267 (_, _abcoll.Iterable, _abcoll.Hashable) 229 (_, _abcoll.Iterable, __builtin__.object) 219 (_, _abcoll.Container, _abcoll.Hashable) 183 (_, _abcoll.Container, __builtin__.object) 119 (_, _abcoll.Iterator, _abcoll.Hashable) 118 (_, _abcoll.Iterator, __builtin__.object) 103 (_, _abcoll.Sized, _abcoll.Hashable) 66 (_, _abcoll.Sized, __builtin__.object) 50 (_, __builtin__.object, _abcoll.Hashable) 20 (_, _abcoll.Callable, _abcoll.Hashable) 18 (_, _abcoll.Callable, __builtin__.object) 12 (_, io.IOBase, _io._IOBase) 7 (_, io.BufferedIOBase, _io._BufferedIOBase) 7 (_, io.BufferedIOBase, _io._IOBase) 6 (_, _abcoll.Sequence, _abcoll.Hashable) 6 (_, _abcoll.MutableSequence, _abcoll.Hashable) 3 (_, io.TextIOBase, _io._TextIOBase) 3 (_, io.TextIOBase, _io._IOBase) 3 (_, _abcoll.Hashable, __builtin__.object) 2 (_, _abcoll.MutableMapping, __builtin__.object) 2 (_, _abcoll.MappingView, _abcoll.Hashable) 2 (_, _abcoll.Mapping, __builtin__.object) 1 (_, io.RawIOBase, _io._RawIOBase) 1 (_, UserString.UserString, _abcoll.Hashable) 1 (_, argparse._AttributeHolder, _abcoll.Hashable) 1 (_, io.RawIOBase, _io._IOBase)

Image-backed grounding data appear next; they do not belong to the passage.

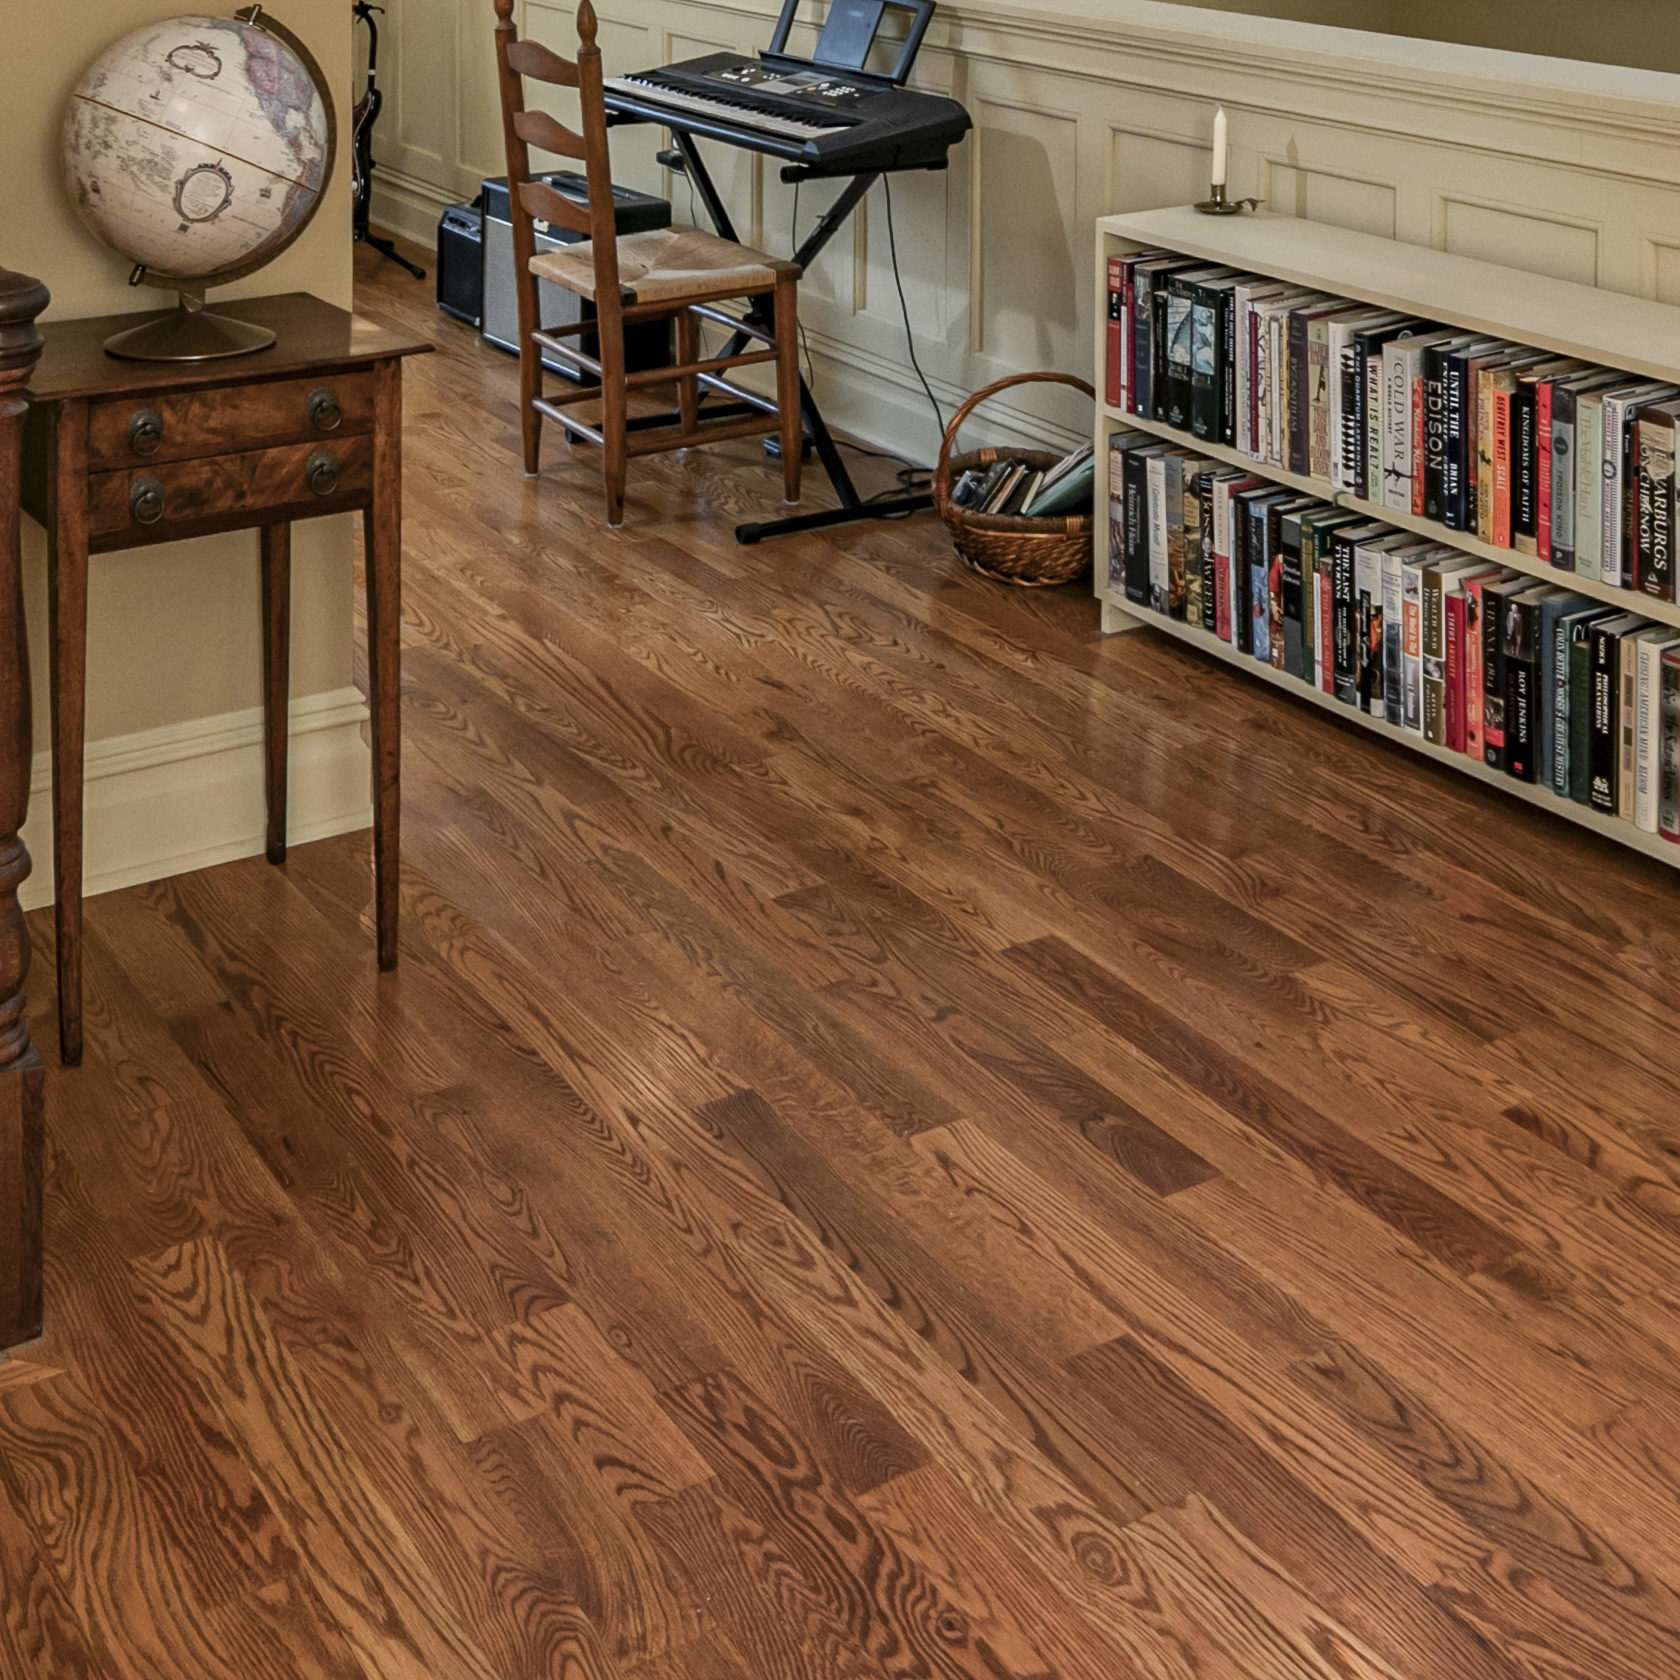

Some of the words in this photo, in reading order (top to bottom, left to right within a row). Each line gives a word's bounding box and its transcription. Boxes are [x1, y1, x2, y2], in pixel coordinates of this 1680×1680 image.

[1369, 365, 1378, 403] WHAT
[1394, 362, 1404, 413] COLD
[1449, 371, 1459, 410] UNTIL
[1369, 409, 1378, 421] IS
[1428, 381, 1442, 470] EDISON
[1449, 412, 1459, 438] THE
[1497, 396, 1505, 437] GEOFFREY
[1369, 427, 1378, 470] REAL?
[1394, 421, 1404, 459] WAR
[1497, 439, 1505, 461] WEST
[1522, 406, 1530, 466] KINGDOMS
[1449, 463, 1458, 495] BRIAN
[1497, 465, 1505, 490] SCALE
[1522, 470, 1530, 485] OF
[1522, 488, 1530, 522] FAITH
[1640, 471, 1651, 553] CHERNOW
[1342, 546, 1350, 572] THE
[1342, 574, 1350, 602] LAST
[1518, 670, 1526, 693] ROY

For example, Iterable is a "subclass" of Hashable--seriously, because Iterable has the __hash__ method it inherits from object--but 267 iterable classes are not hashable.
So are Python's intransitive subclass relationships a big deal? For day-to-day coding, it's probably not the end of the world: I'd be surprised if very many people have written code relying on subclass transitivity. And in a community which emphasizes duck-typing, extensive use of issubclass and isinstance is somewhat frowned upon anyway.

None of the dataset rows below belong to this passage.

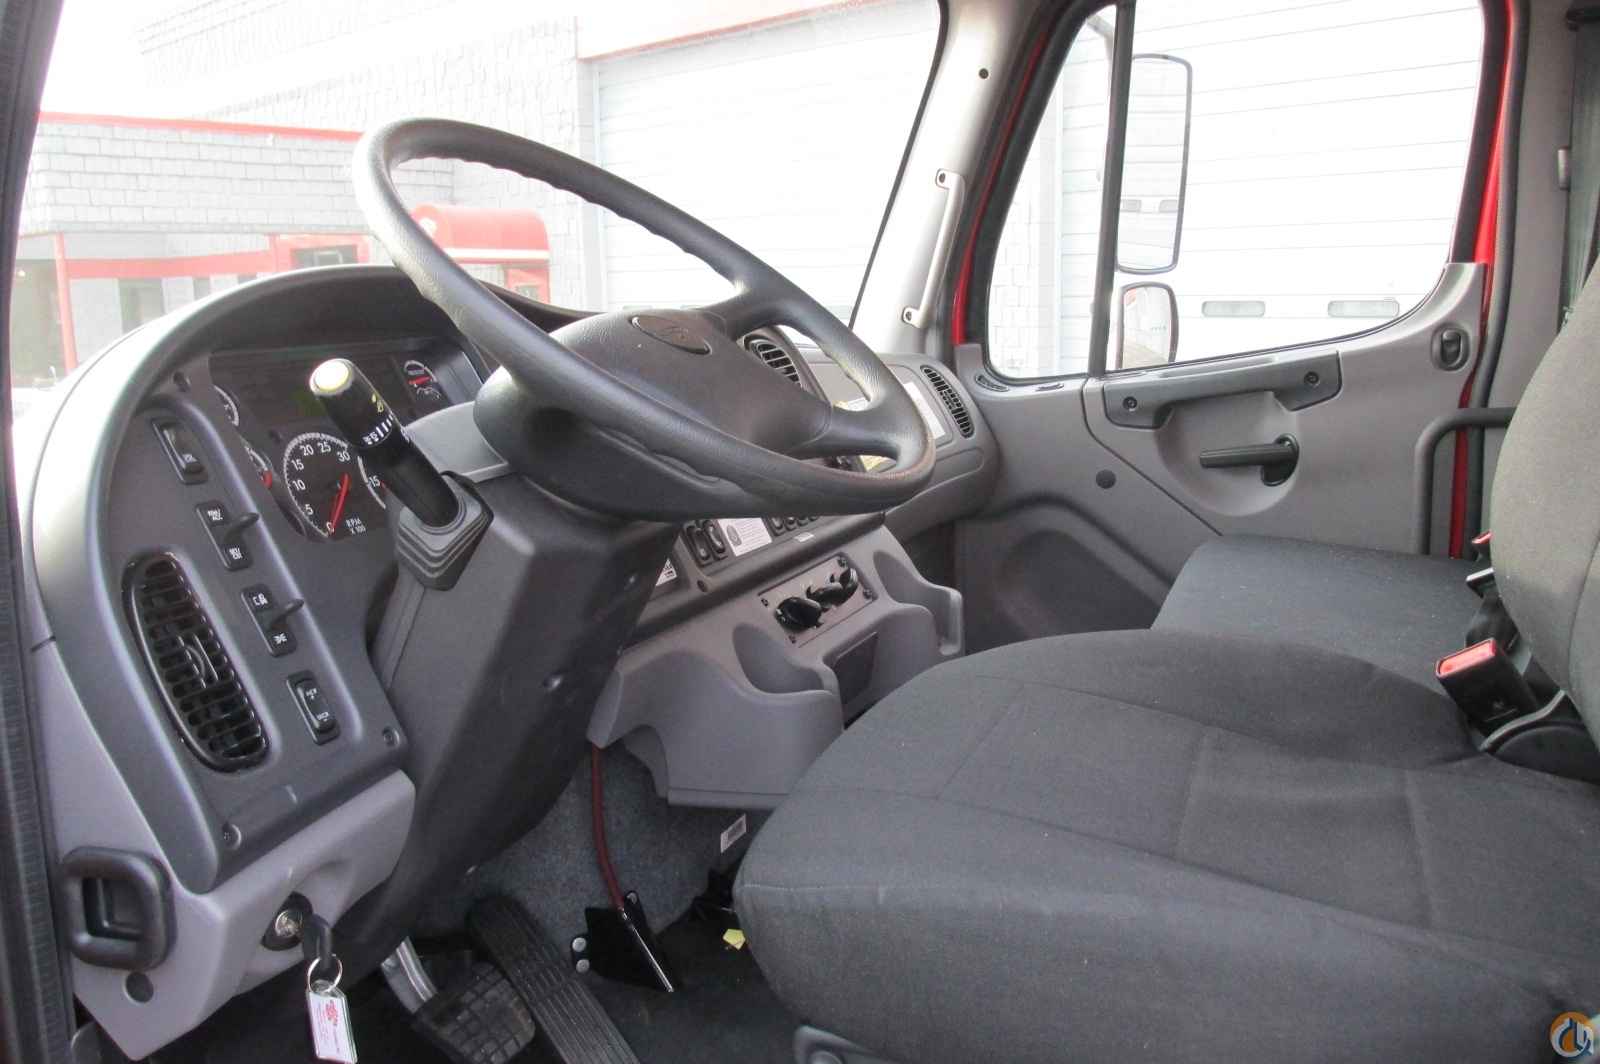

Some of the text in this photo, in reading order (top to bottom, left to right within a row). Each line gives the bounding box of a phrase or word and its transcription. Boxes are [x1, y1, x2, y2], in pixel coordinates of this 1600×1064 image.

[300, 444, 314, 456] 20
[317, 441, 331, 454] 25
[337, 450, 350, 462] 30
[291, 459, 304, 471] 15
[292, 479, 306, 491] 10
[369, 475, 381, 488] 15
[304, 503, 314, 515] 5

But I do think this is a big deal from a language beauty and simplicity perspective. Intransitive subclass relationships defy the common-sense understanding of what it means for A to be a subclass of B. They turn the naive, simple concept of subclasses into a complicated one involving metaclasses, abstract classes, subclasschecks, and subclasshooks. In short, I believe subclass intransitivity goes against the spirit of several of the pythonic guidelines written by Tim Peters in his wonderful "The Zen of Python":
Beautiful is better than ugly. Explicit is better than implicit. Simple is better than complex. Complex is better than complicated. Flat is better than nested. ...
The alternative I'd prefer is to remove the __subclasscheck__ capability from metaclasses. For those who want it, I'd keep the logic that's currently in the __subclasshook__'s of these abstract collections, and move it into functions with names like "is_hashable" in the inspect module. This is keeping with the idea that "explicit is better than implicit" and "flat is better than nested": When someone calls issubclass(A, Hashable), they really just want to run the code in the Hashable __subclasshook__, but instead end up calling into code nested several layers deep.
Moving this logic into inspect would preserve the same functionality of the abstract collections, while being be simpler, flatter, and more explicit. It would also keep subclass relationships simple and transitive.